▸ Goal of the exercise
Transcribe, with complete accuracy, all of the entries below except for the pictures.

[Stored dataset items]
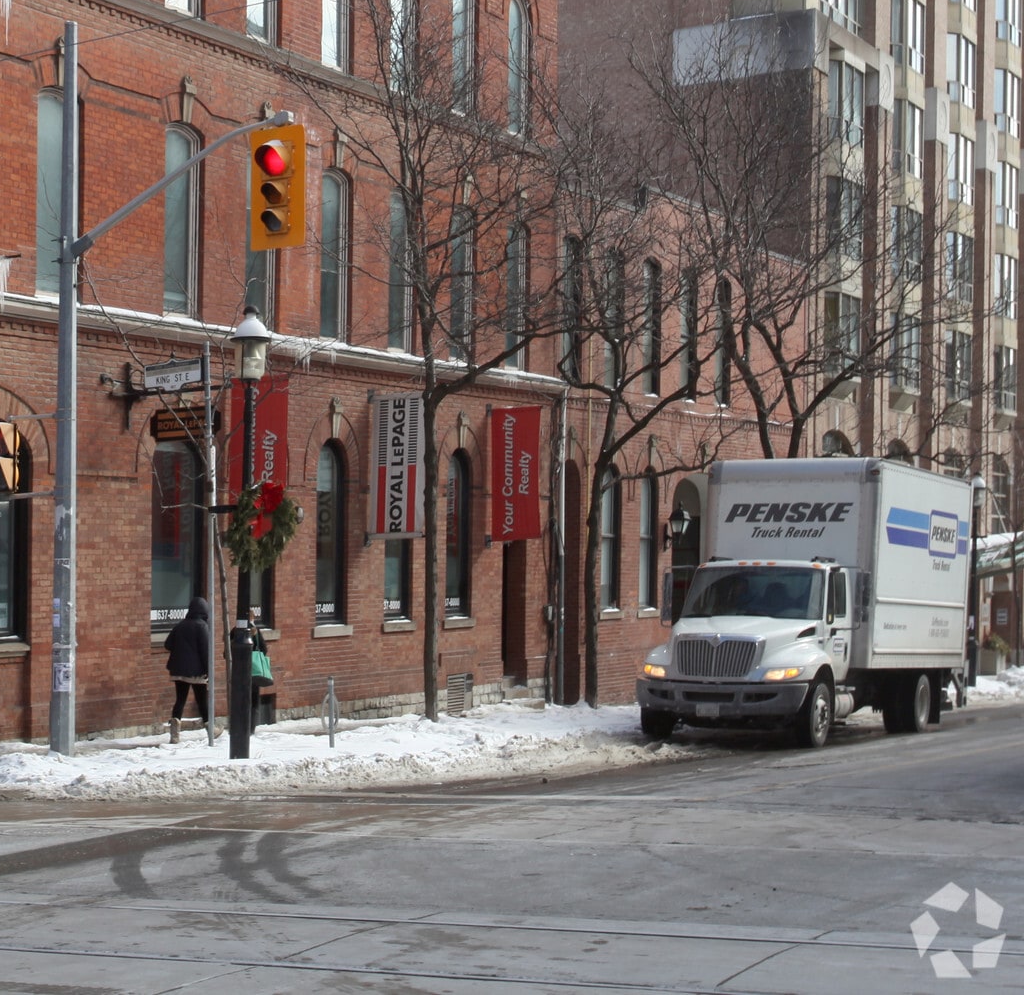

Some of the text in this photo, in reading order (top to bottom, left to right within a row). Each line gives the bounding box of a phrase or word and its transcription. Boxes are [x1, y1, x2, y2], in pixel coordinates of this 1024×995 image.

[156, 375, 171, 385] KING
[185, 372, 190, 381] E
[261, 429, 278, 484] Realty
[502, 413, 517, 535] Your Community
[519, 451, 532, 495] Realty
[389, 470, 404, 533] ROYAL
[724, 502, 854, 523] PENSKE
[751, 526, 826, 538] Truck Rental
[931, 525, 956, 543] PENSKE
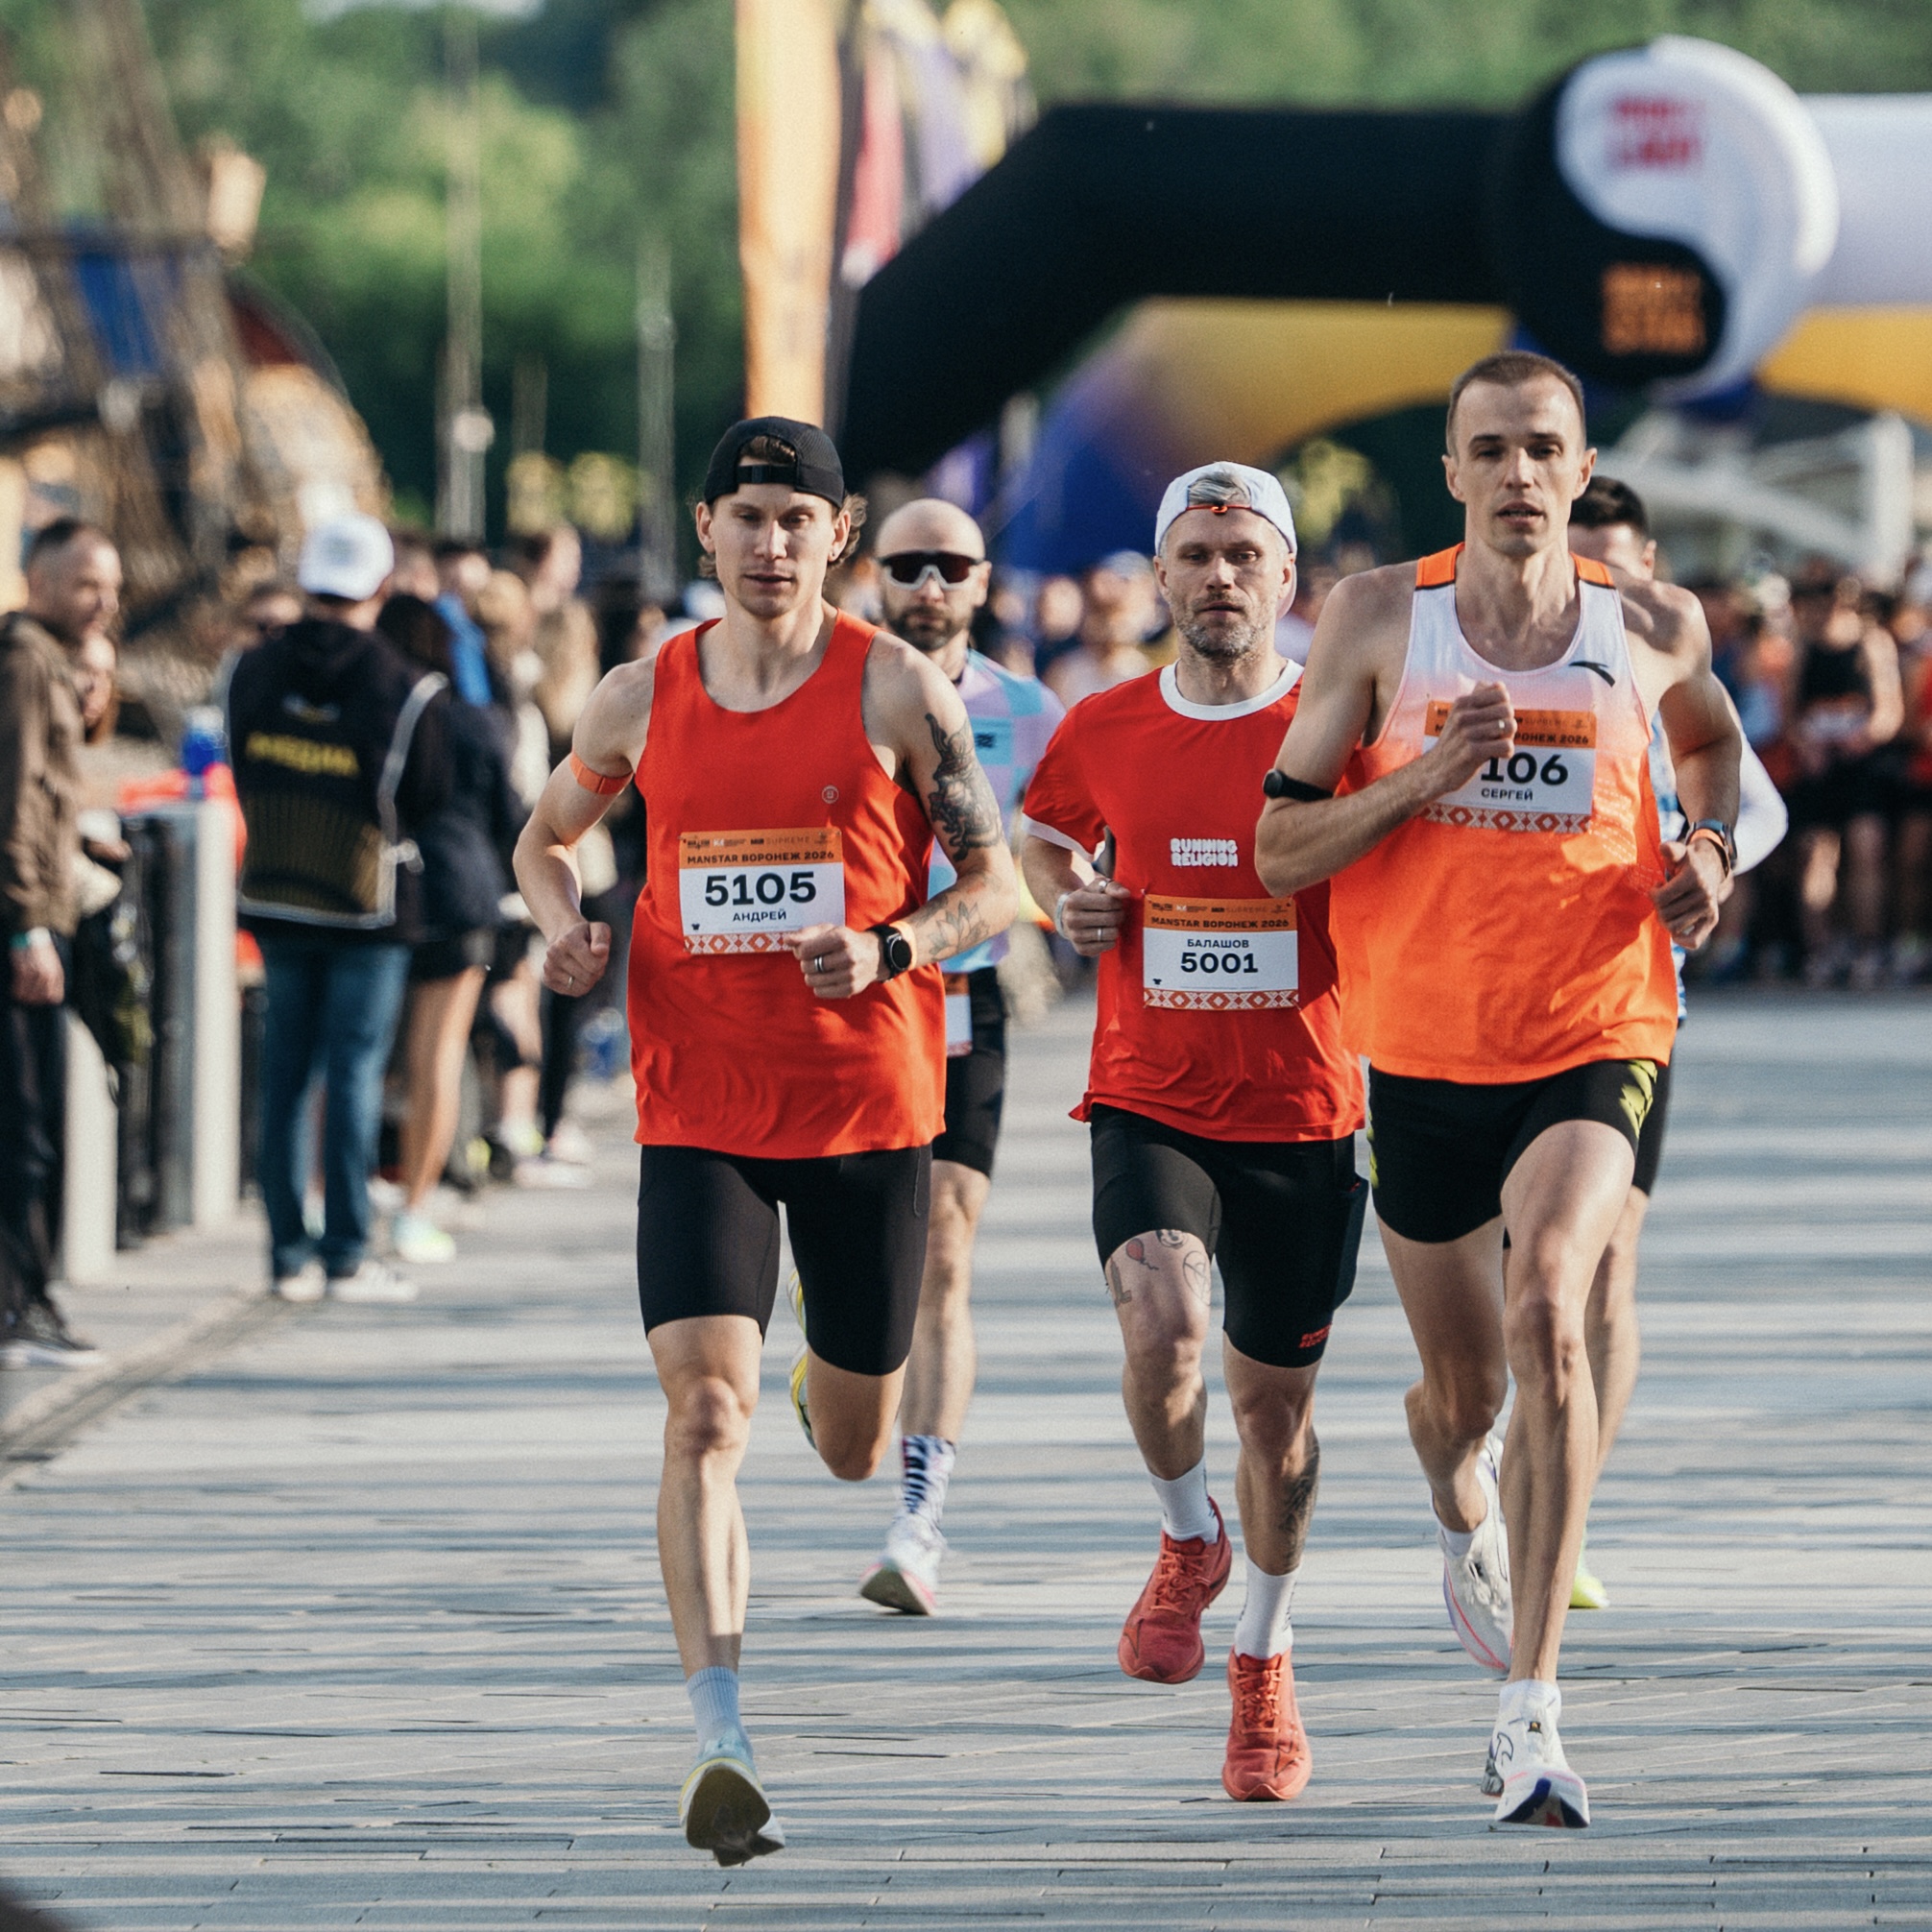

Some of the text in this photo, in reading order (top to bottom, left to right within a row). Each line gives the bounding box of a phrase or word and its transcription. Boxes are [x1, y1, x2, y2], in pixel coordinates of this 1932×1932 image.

▸ Completed task
Some of the text in this photo, in reading order (top to bottom, left to right within a row). Each line gives the bounding box of a phrase or word and its transcription. Boxes are [x1, y1, x2, y2], in pixel coordinates of this 1024×995 image.

[156, 375, 171, 385] KING
[185, 372, 190, 381] E
[261, 429, 278, 484] Realty
[502, 413, 517, 535] Your Community
[519, 451, 532, 495] Realty
[389, 470, 404, 533] ROYAL
[724, 502, 854, 523] PENSKE
[751, 526, 826, 538] Truck Rental
[931, 525, 956, 543] PENSKE

Some of the text in this photo, in reading order (top to bottom, left to right within a row). Each line gives the bounding box of a phrase or word and its transcription. Boxes are [x1, y1, x2, y2], in pixel coordinates of this 1932×1932 image.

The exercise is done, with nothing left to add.